**Try it:**
Extract all data as written.

**Source material:**
——————————

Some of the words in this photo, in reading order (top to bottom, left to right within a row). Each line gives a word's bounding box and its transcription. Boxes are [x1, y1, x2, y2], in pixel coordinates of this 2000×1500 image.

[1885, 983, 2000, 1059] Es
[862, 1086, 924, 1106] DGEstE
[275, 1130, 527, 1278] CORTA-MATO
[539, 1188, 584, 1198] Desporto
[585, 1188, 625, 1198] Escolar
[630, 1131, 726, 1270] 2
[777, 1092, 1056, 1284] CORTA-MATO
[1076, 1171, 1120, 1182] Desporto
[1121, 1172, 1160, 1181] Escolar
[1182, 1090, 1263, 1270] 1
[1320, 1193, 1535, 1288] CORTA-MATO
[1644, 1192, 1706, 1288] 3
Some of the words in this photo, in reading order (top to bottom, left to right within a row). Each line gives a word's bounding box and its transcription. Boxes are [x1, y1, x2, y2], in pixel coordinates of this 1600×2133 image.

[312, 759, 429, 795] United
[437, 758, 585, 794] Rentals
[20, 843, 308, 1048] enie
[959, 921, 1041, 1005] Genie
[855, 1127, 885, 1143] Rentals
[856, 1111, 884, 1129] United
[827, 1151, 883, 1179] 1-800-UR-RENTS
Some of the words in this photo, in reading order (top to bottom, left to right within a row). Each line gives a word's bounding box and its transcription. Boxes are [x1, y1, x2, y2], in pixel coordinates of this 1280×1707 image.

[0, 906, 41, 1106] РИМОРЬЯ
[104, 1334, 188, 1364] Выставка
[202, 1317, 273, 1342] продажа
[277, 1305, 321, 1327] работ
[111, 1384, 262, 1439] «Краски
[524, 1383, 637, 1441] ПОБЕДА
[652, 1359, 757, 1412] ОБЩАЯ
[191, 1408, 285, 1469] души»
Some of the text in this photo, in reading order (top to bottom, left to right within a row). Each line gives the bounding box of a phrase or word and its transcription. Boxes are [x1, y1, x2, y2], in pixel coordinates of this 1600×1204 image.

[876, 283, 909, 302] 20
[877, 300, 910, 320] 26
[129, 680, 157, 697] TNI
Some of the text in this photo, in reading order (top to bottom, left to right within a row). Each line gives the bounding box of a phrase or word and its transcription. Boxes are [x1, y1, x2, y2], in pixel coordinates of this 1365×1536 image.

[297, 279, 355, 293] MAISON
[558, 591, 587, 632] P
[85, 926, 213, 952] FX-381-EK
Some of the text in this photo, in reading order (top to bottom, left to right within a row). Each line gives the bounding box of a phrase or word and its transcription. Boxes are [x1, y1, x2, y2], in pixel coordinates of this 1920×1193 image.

——————————

**Written solution:**
Some of the words in this photo, in reading order (top to bottom, left to right within a row). Each line gives a word's bounding box and its transcription. Boxes are [x1, y1, x2, y2], in pixel coordinates of this 2000×1500 image.

[1885, 983, 2000, 1059] Es
[862, 1086, 924, 1106] DGEstE
[275, 1130, 527, 1278] CORTA-MATO
[539, 1188, 584, 1198] Desporto
[585, 1188, 625, 1198] Escolar
[630, 1131, 726, 1270] 2
[777, 1092, 1056, 1284] CORTA-MATO
[1076, 1171, 1120, 1182] Desporto
[1121, 1172, 1160, 1181] Escolar
[1182, 1090, 1263, 1270] 1
[1320, 1193, 1535, 1288] CORTA-MATO
[1644, 1192, 1706, 1288] 3
Some of the words in this photo, in reading order (top to bottom, left to right within a row). Each line gives a word's bounding box and its transcription. Boxes are [x1, y1, x2, y2], in pixel coordinates of this 1600×2133 image.

[312, 759, 429, 795] United
[437, 758, 585, 794] Rentals
[20, 843, 308, 1048] enie
[959, 921, 1041, 1005] Genie
[855, 1127, 885, 1143] Rentals
[856, 1111, 884, 1129] United
[827, 1151, 883, 1179] 1-800-UR-RENTS
Some of the words in this photo, in reading order (top to bottom, left to right within a row). Each line gives a word's bounding box and its transcription. Boxes are [x1, y1, x2, y2], in pixel coordinates of this 1280×1707 image.

[0, 906, 41, 1106] РИМОРЬЯ
[104, 1334, 188, 1364] Выставка
[202, 1317, 273, 1342] продажа
[277, 1305, 321, 1327] работ
[111, 1384, 262, 1439] «Краски
[524, 1383, 637, 1441] ПОБЕДА
[652, 1359, 757, 1412] ОБЩАЯ
[191, 1408, 285, 1469] души»
Some of the text in this photo, in reading order (top to bottom, left to right within a row). Each line gives the bounding box of a phrase or word and its transcription. Boxes are [x1, y1, x2, y2], in pixel coordinates of this 1600×1204 image.

[876, 283, 909, 302] 20
[877, 300, 910, 320] 26
[129, 680, 157, 697] TNI
Some of the text in this photo, in reading order (top to bottom, left to right within a row). Each line gives the bounding box of a phrase or word and its transcription. Boxes are [x1, y1, x2, y2], in pixel coordinates of this 1365×1536 image.

[297, 279, 355, 293] MAISON
[558, 591, 587, 632] P
[85, 926, 213, 952] FX-381-EK
Some of the text in this photo, in reading order (top to bottom, left to right within a row). Each line gives the bounding box of a phrase or word and its transcription. Boxes are [x1, y1, x2, y2], in pixel coordinates of this 1920×1193 image.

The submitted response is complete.